Renewable energy generation is taking over the world, reaching 510 gigawatts globally in 2023 after growing by 50 per cent that year.
Though global electricity demand is forecast to rise by 3.4 per cent in the next two years, according to BNN Bloomberg, the expansion of renewables generation such as solar, hydro, wind and nuclear will offset this. The increase in electricity demand results from economic growth, with Artificial Intelligence (AI) and other modern technologies among the other key drivers.
Currently, over 8,000 data centres exist globally, with more than 10 per cent of them in China, roughly 33 per cent in the United States and 16 per cent in Europe. These data centres are forecast to use more than 1,000 terawatt-hours (TWh) in 2026, up from approximately 460 TWhs in 2022. This new high level of demand will come close to matching Japan’s current total electricity consumption.
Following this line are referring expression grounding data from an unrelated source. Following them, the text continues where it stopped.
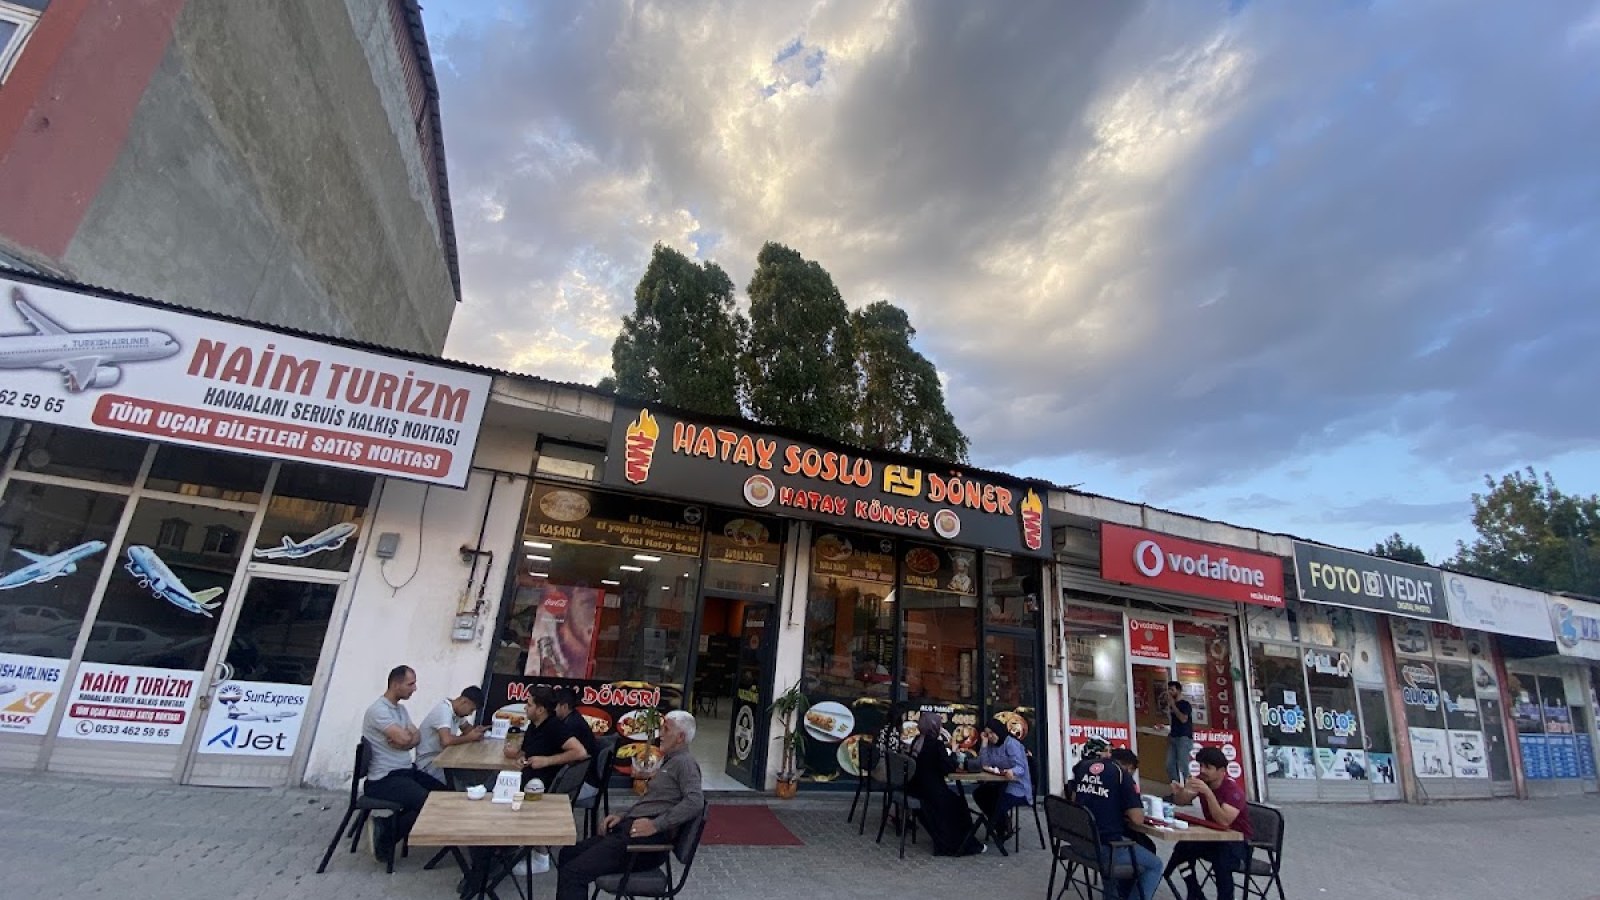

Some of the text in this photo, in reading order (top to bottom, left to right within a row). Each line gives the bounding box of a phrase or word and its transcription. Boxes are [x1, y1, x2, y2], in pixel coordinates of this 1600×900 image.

[112, 336, 149, 345] AIRLINES
[187, 338, 472, 424] NAİM TURİZM
[20, 392, 42, 410] 59
[44, 396, 65, 413] 65
[203, 386, 461, 446] HAVAALANI SERVİS KALKIŞ NOKTASI
[108, 401, 442, 470] TÜM UÇAK BİLETLERİ SATIŞ NOKTASI
[672, 421, 778, 471] HATAY
[783, 444, 874, 488] SOSLU
[927, 470, 1014, 516] DÖNER
[779, 486, 931, 530] HATAY KÜNEFE
[1167, 553, 1265, 588] vodafone
[1308, 561, 1434, 606] FOTO VEDAT
[16, 665, 61, 682] AIRLINES
[80, 670, 194, 698] NAİM TURİZM
[243, 689, 305, 707] SunExpress
[581, 683, 661, 707] DÖNERİ
[95, 723, 171, 738] 0533 462 59 65
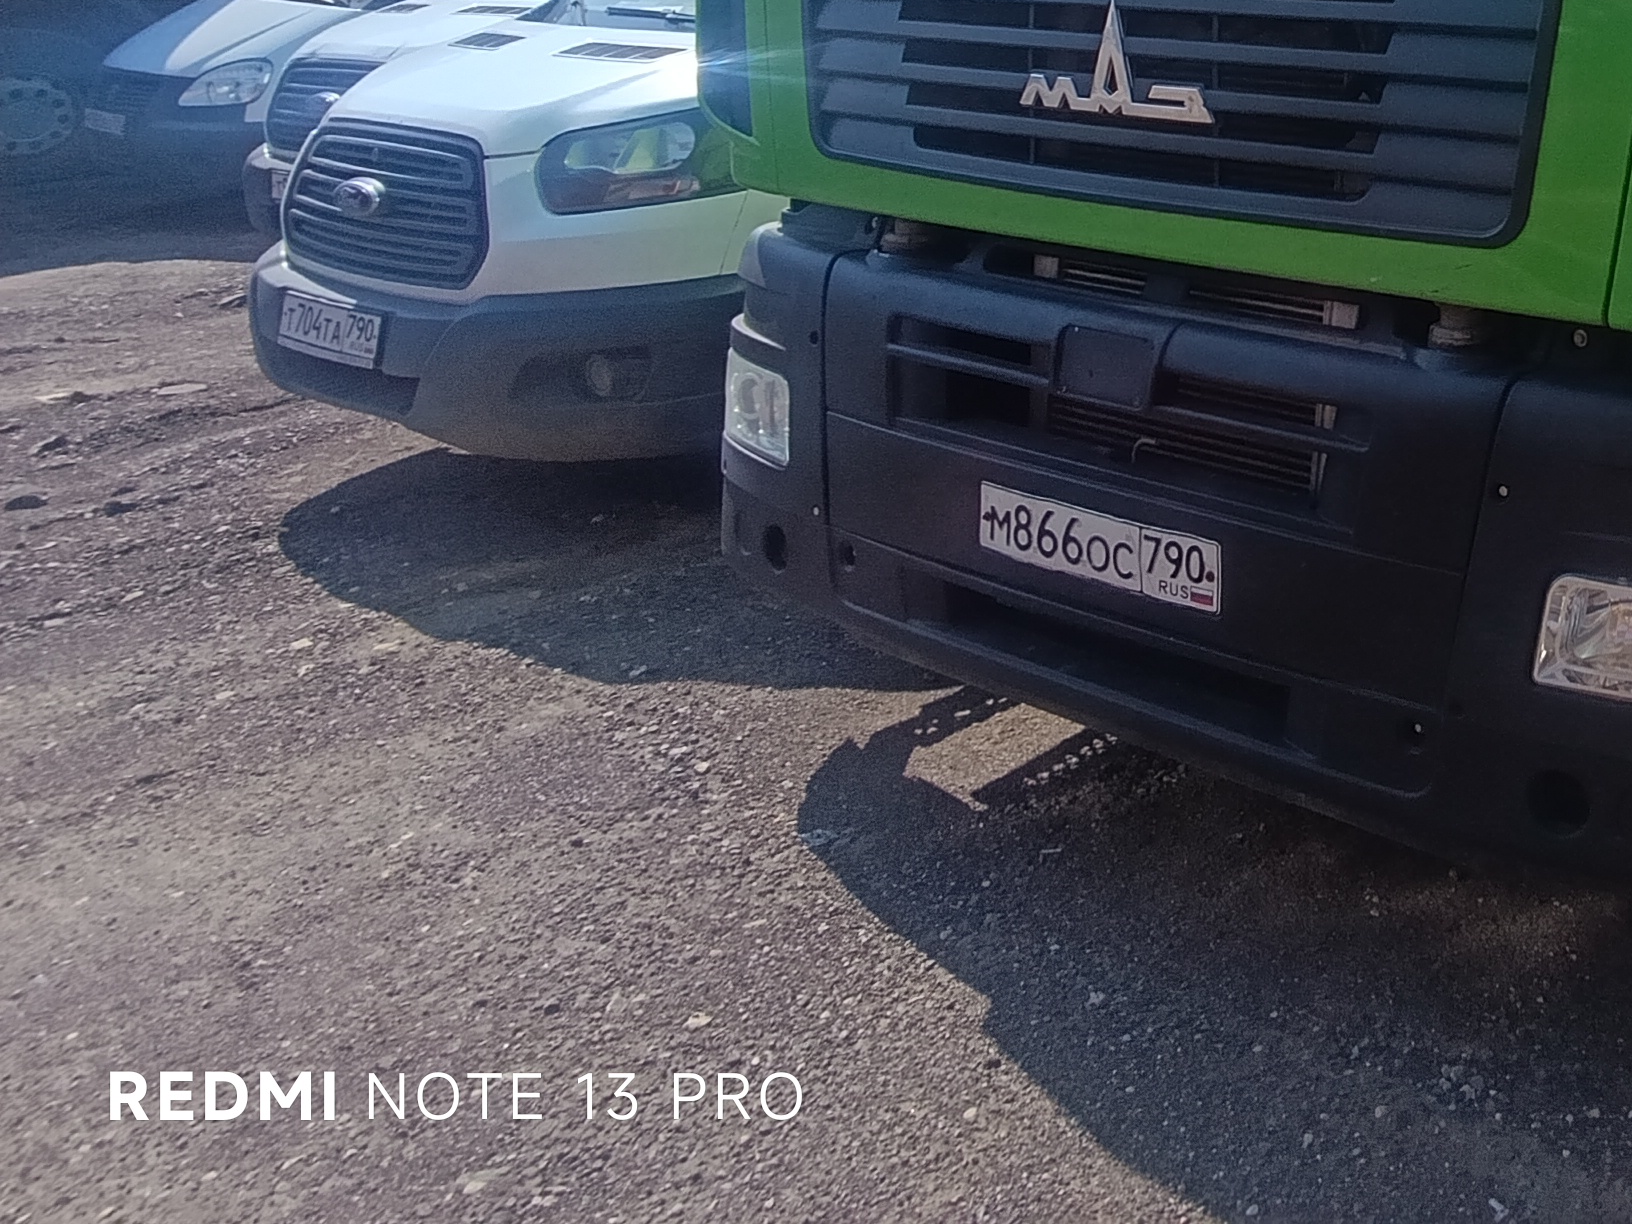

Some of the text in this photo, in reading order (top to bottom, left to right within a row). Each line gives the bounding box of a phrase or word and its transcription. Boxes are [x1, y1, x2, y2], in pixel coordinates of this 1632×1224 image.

The processing power necessary to operate new AI technologies is increasing twofold every six months. Upcoming advances in AI are expected to require an even greater energy supply. Due to technological progress, much higher quantities of dependable energy are needed. As renewable generation is mostly intermittent, it must integrate with other technologies, like pump storage hydro, batteries and peaking gas generation, to satisfy reliability requirements.
At the same time, large tech companies are becoming more alert to the need for sustainability of their energy sources. Power purchase agreements for off-site renewable energy are becoming more common as major technology companies like Microsoft commit to operating carbon free. Also, big tech is heavily investing in such onsite energy sources as solar panels.
The energy-storing function of batteries is paramount to providing a stable power source for AI. Batteries are a highly sustainable form of storing energy for community, business and household applications utilizing solar and wind power. They improve energy security by lowering reliance on fossil fuels and by decentralizing energy systems.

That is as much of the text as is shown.